Omitting the images, transcribe the records below exactly as they stand.

*** Task input ***

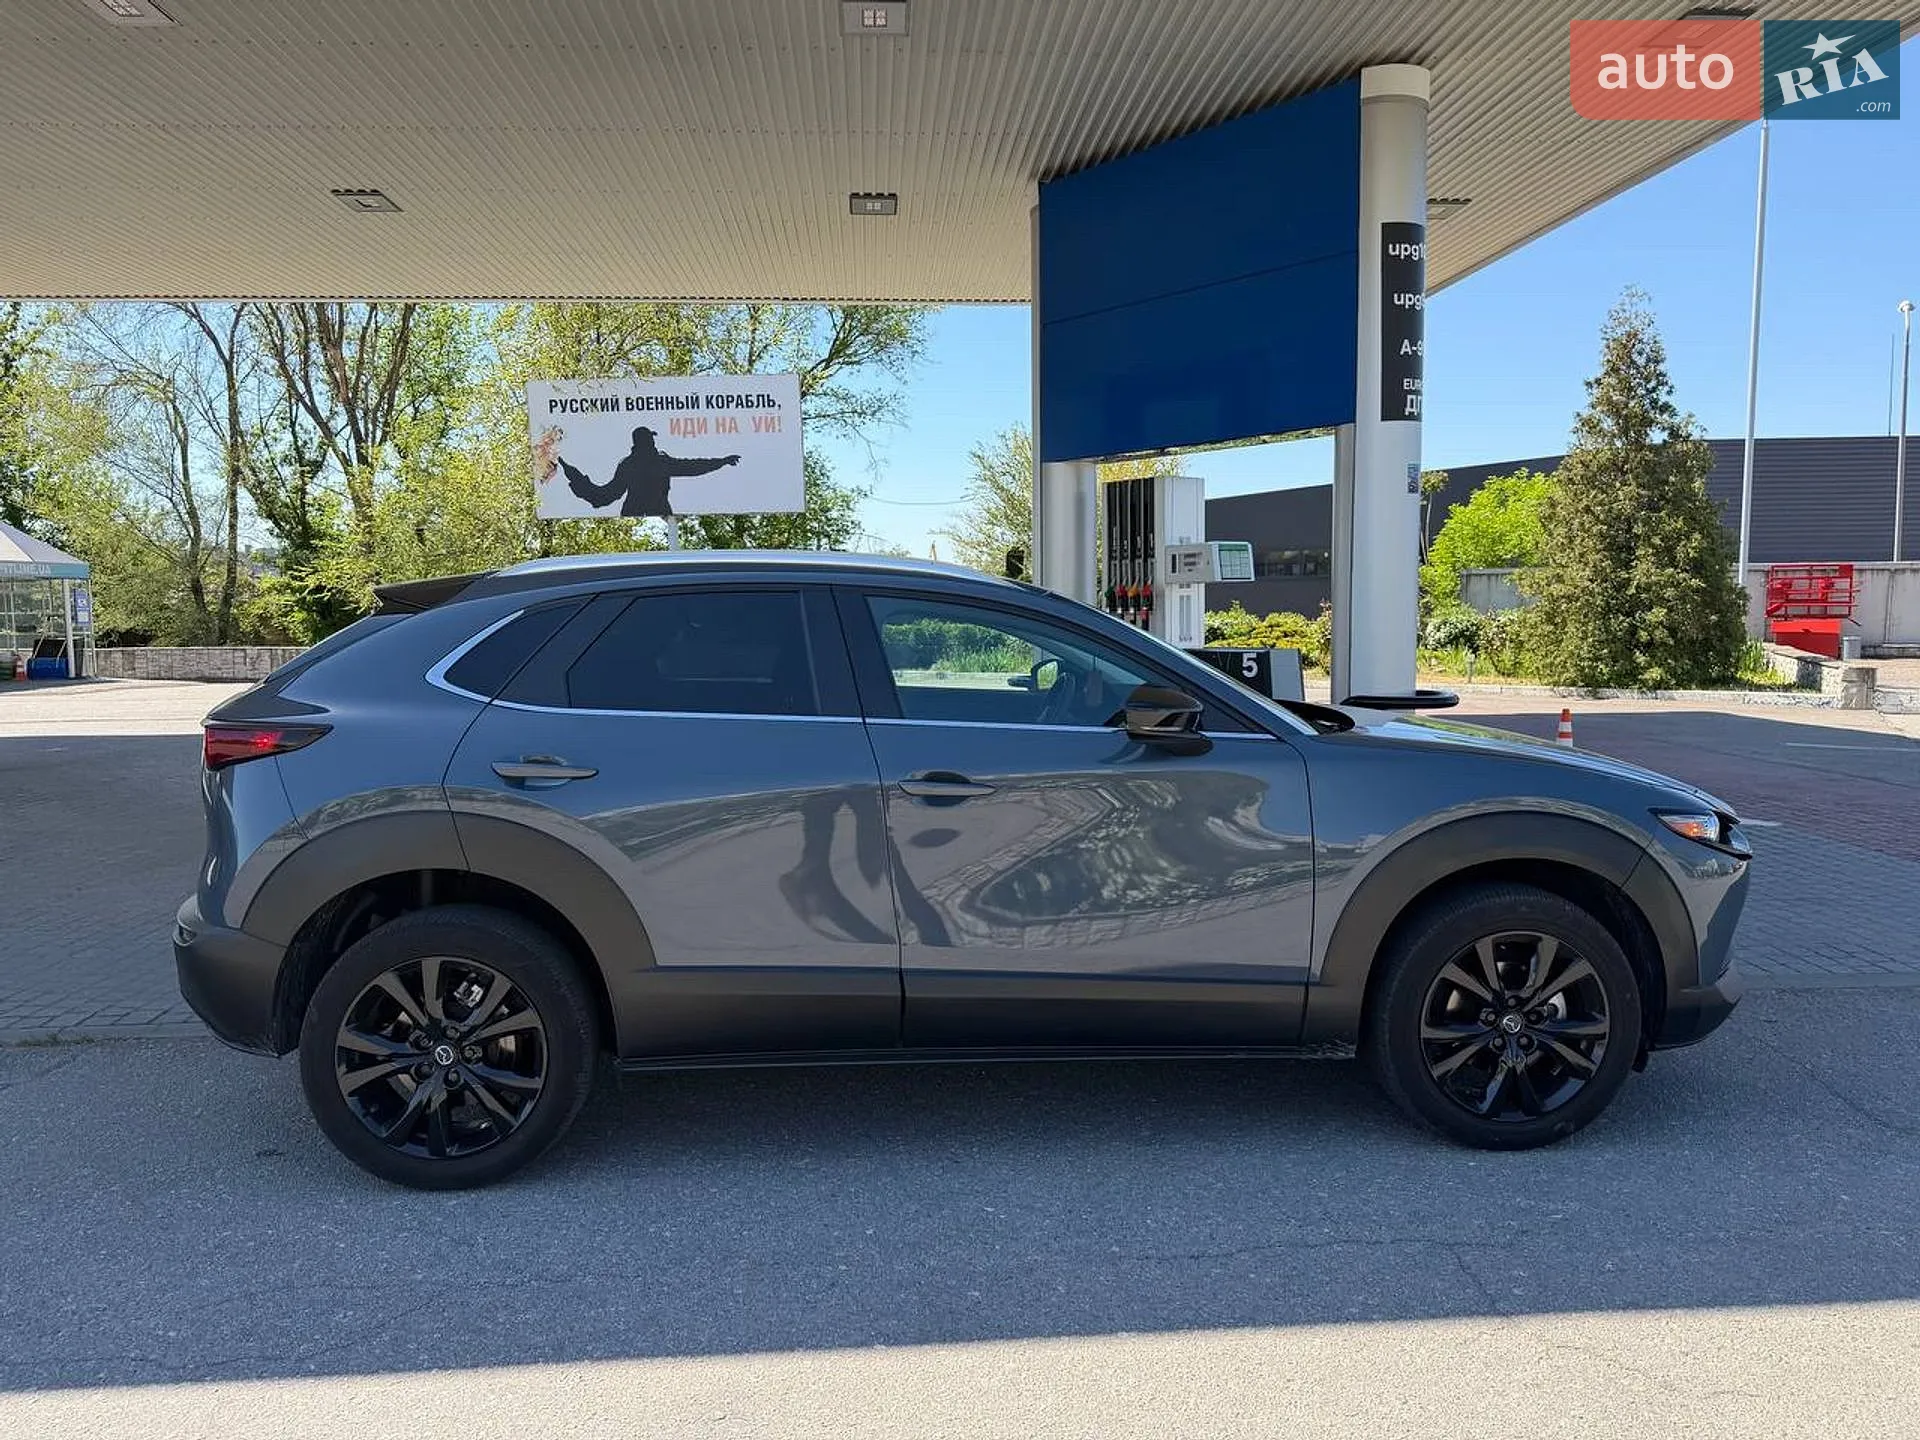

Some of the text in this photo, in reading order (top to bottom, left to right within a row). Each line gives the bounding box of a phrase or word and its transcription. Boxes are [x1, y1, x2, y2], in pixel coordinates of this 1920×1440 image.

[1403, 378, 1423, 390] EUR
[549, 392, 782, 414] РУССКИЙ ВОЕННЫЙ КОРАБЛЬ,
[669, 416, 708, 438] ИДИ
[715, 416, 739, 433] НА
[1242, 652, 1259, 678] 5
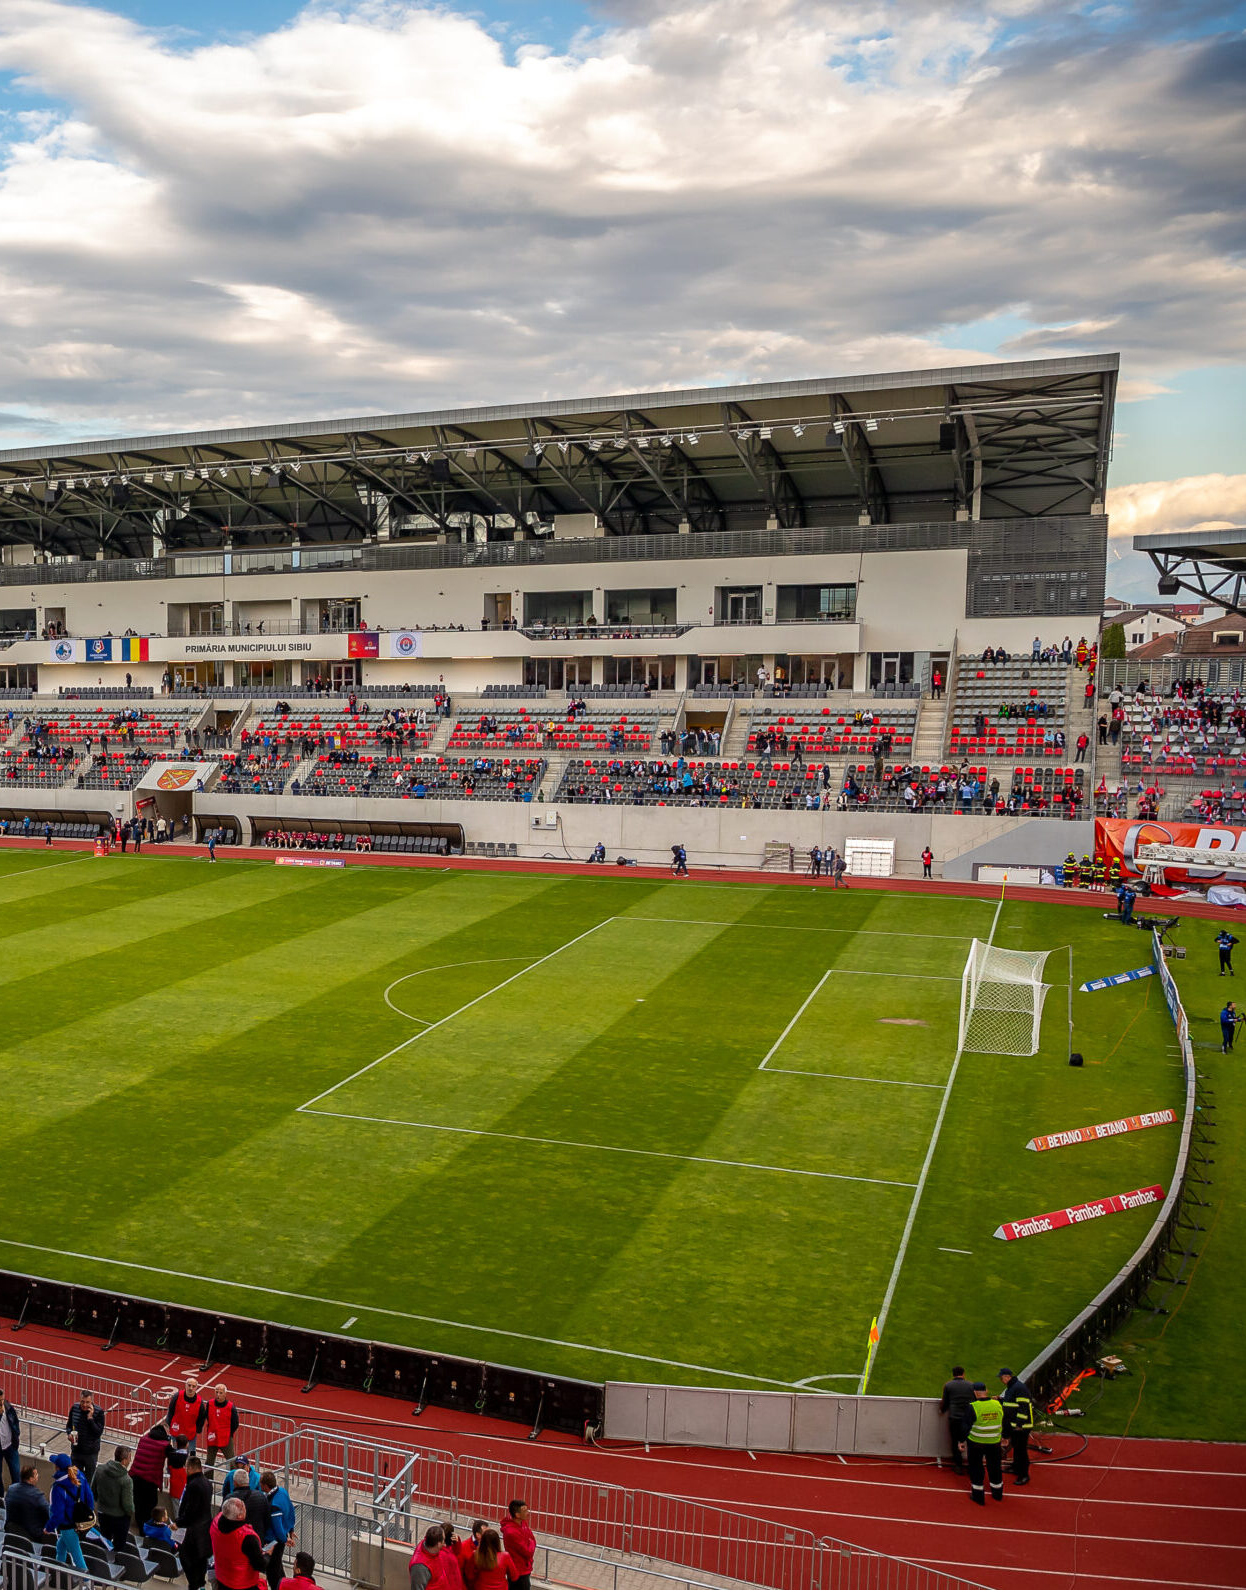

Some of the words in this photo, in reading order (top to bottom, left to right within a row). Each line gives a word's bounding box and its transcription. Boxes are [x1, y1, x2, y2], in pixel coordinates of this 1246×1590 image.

*** End of Task input ***

Reply:
Some of the text in this photo, in reading order (top to bottom, left to right within a row). Each line gives the bounding box of a phrase or word and its transcription. Boxes are [x1, y1, x2, y2], in pixel coordinates of this 1920×1440 image.

[1403, 378, 1423, 390] EUR
[549, 392, 782, 414] РУССКИЙ ВОЕННЫЙ КОРАБЛЬ,
[669, 416, 708, 438] ИДИ
[715, 416, 739, 433] НА
[1242, 652, 1259, 678] 5

Some of the words in this photo, in reading order (top to bottom, left to right within a row). Each line gives a word's bounding box and its transcription. Boxes are [x1, y1, x2, y2], in pixel coordinates of this 1246×1590 image.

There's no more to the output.